(Phrase grounding data)
--- --- ---
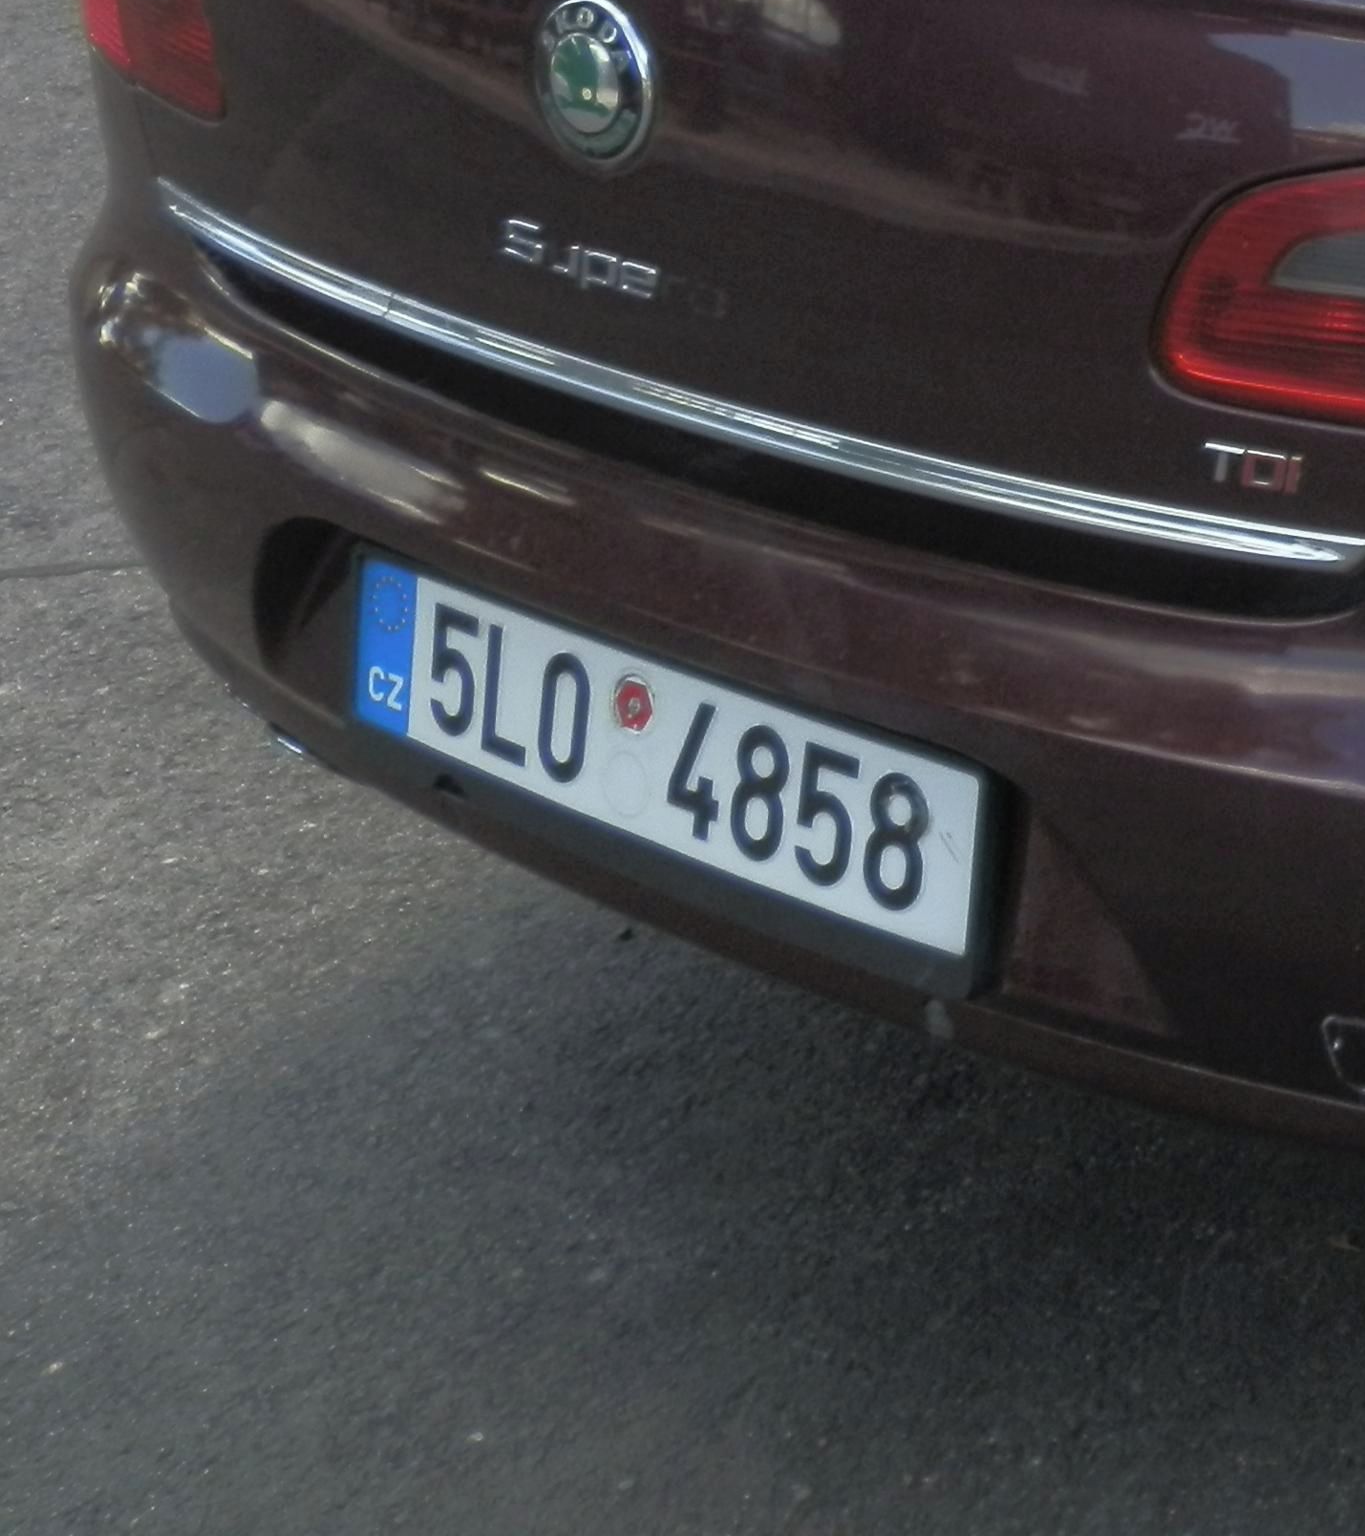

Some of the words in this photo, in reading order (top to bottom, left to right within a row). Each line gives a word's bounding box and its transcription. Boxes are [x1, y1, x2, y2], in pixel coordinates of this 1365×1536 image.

[368, 666, 404, 712] CZ
[430, 602, 590, 784] 5L0
[667, 702, 930, 911] 4858
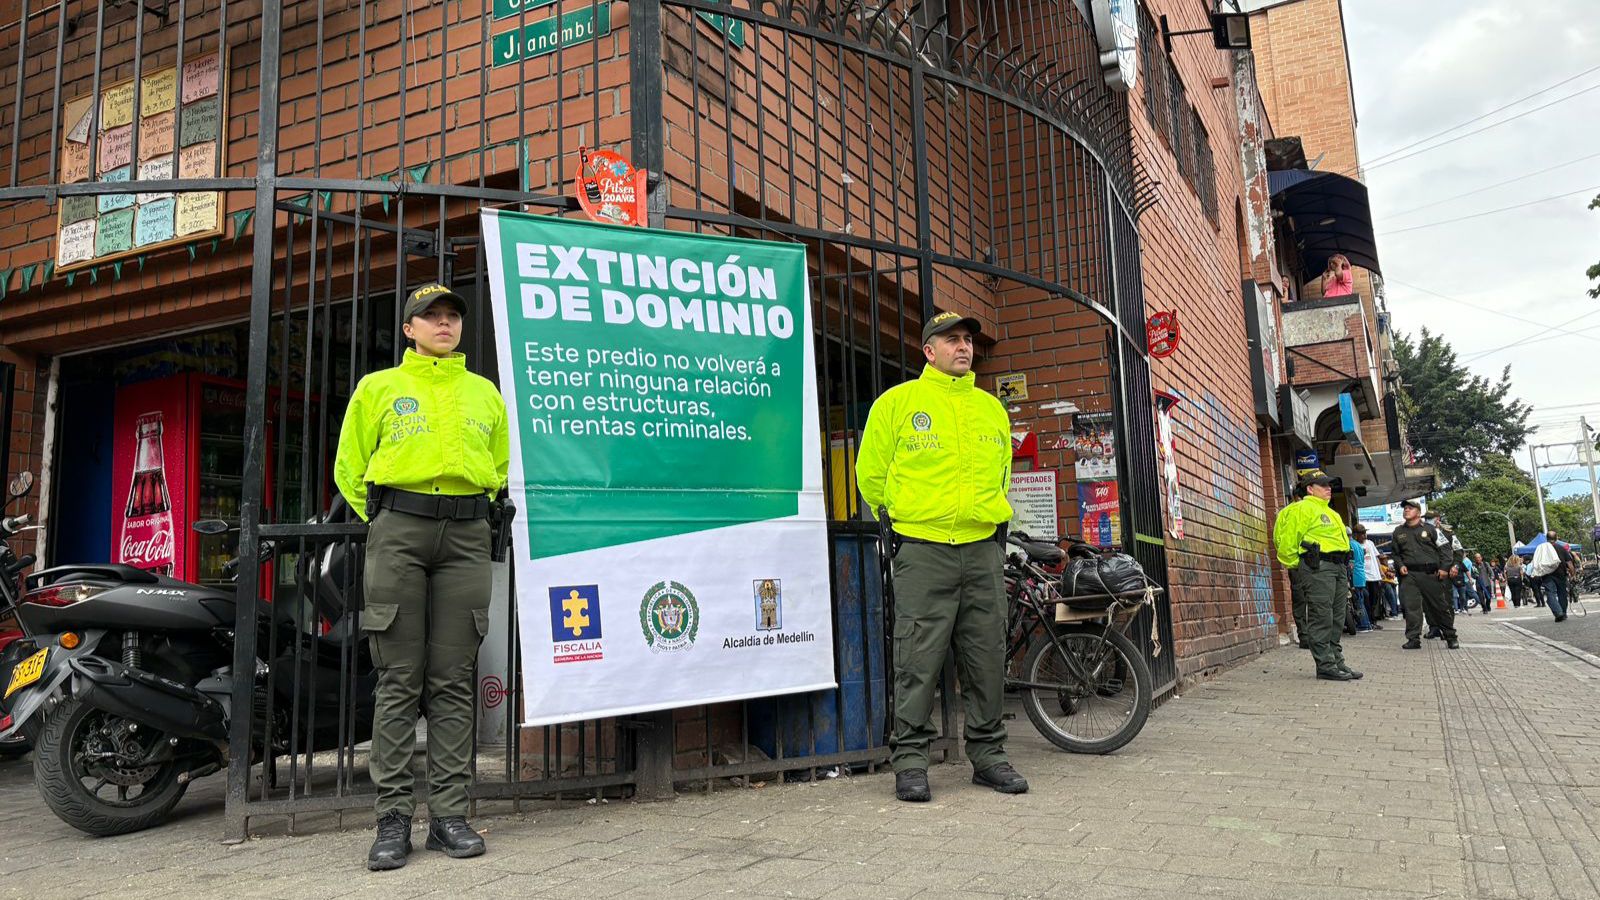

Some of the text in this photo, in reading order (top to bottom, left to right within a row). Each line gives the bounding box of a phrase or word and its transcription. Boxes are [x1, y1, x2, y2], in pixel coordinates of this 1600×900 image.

[600, 179, 635, 194] Pilsen
[516, 242, 777, 300] EXTINCIÓN
[519, 283, 794, 339] DE DOMINIO
[524, 341, 781, 377] Este predio no volverá a
[526, 365, 771, 398] tener ninguna relación
[529, 394, 715, 418] con estructuras,
[392, 415, 426, 430] SIJIN
[533, 415, 752, 441] ni rentas criminales.
[391, 425, 434, 444] MEVAL
[909, 433, 938, 442] SIJIN
[906, 441, 944, 452] MEVAL
[1010, 475, 1052, 484] ROPIEDADES
[127, 520, 144, 528] SABOR
[723, 631, 814, 648] Alcaldía de Medellín
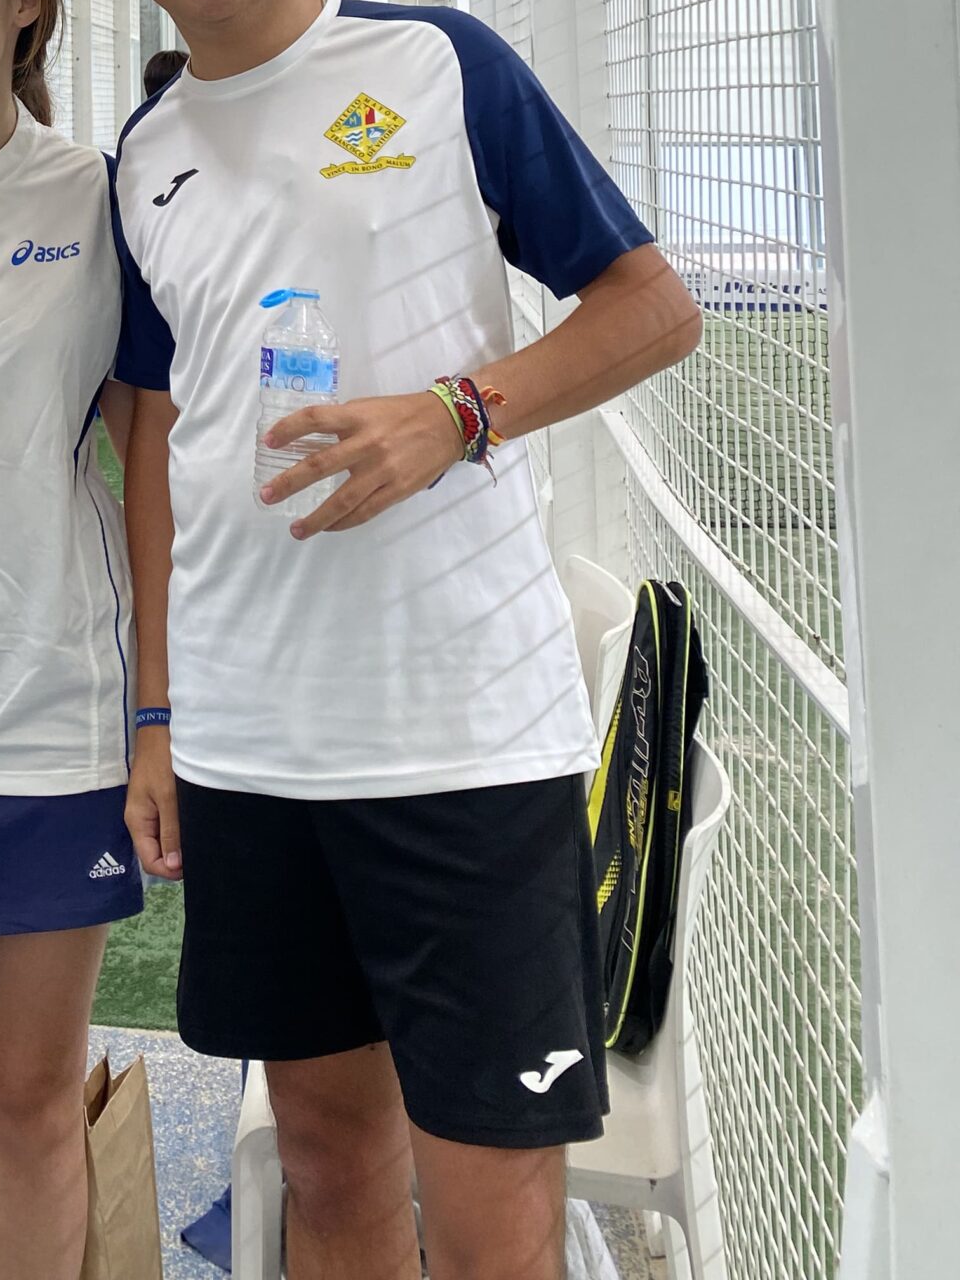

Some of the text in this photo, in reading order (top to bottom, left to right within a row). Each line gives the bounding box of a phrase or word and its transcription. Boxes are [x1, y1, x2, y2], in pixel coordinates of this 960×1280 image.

[330, 135, 365, 158] FRANCISCO
[375, 123, 400, 148] VITORIA
[88, 863, 126, 879] adidas
--- --- ---
Directions for this task: Without the pictures, retype exactly the lines from the one that holds "this 1600×900 image." to the last line of the data above, both of them included.

Answer box:
Some of the text in this photo, in reading order (top to bottom, left to right within a row). Each line gives the bounding box of a phrase or word and its transcription. Boxes are [x1, y1, x2, y2], in pixel coordinates of this 1600×900 image.

[600, 179, 635, 194] Pilsen
[516, 242, 777, 300] EXTINCIÓN
[519, 283, 794, 339] DE DOMINIO
[524, 341, 781, 377] Este predio no volverá a
[526, 365, 771, 398] tener ninguna relación
[529, 394, 715, 418] con estructuras,
[392, 415, 426, 430] SIJIN
[533, 415, 752, 441] ni rentas criminales.
[391, 425, 434, 444] MEVAL
[909, 433, 938, 442] SIJIN
[906, 441, 944, 452] MEVAL
[1010, 475, 1052, 484] ROPIEDADES
[127, 520, 144, 528] SABOR
[723, 631, 814, 648] Alcaldía de Medellín

Some of the text in this photo, in reading order (top to bottom, left to right within a row). Each line gives the bounding box of a phrase or word and its transcription. Boxes are [x1, y1, x2, y2], in pixel coordinates of this 960×1280 image.

[330, 135, 365, 158] FRANCISCO
[375, 123, 400, 148] VITORIA
[88, 863, 126, 879] adidas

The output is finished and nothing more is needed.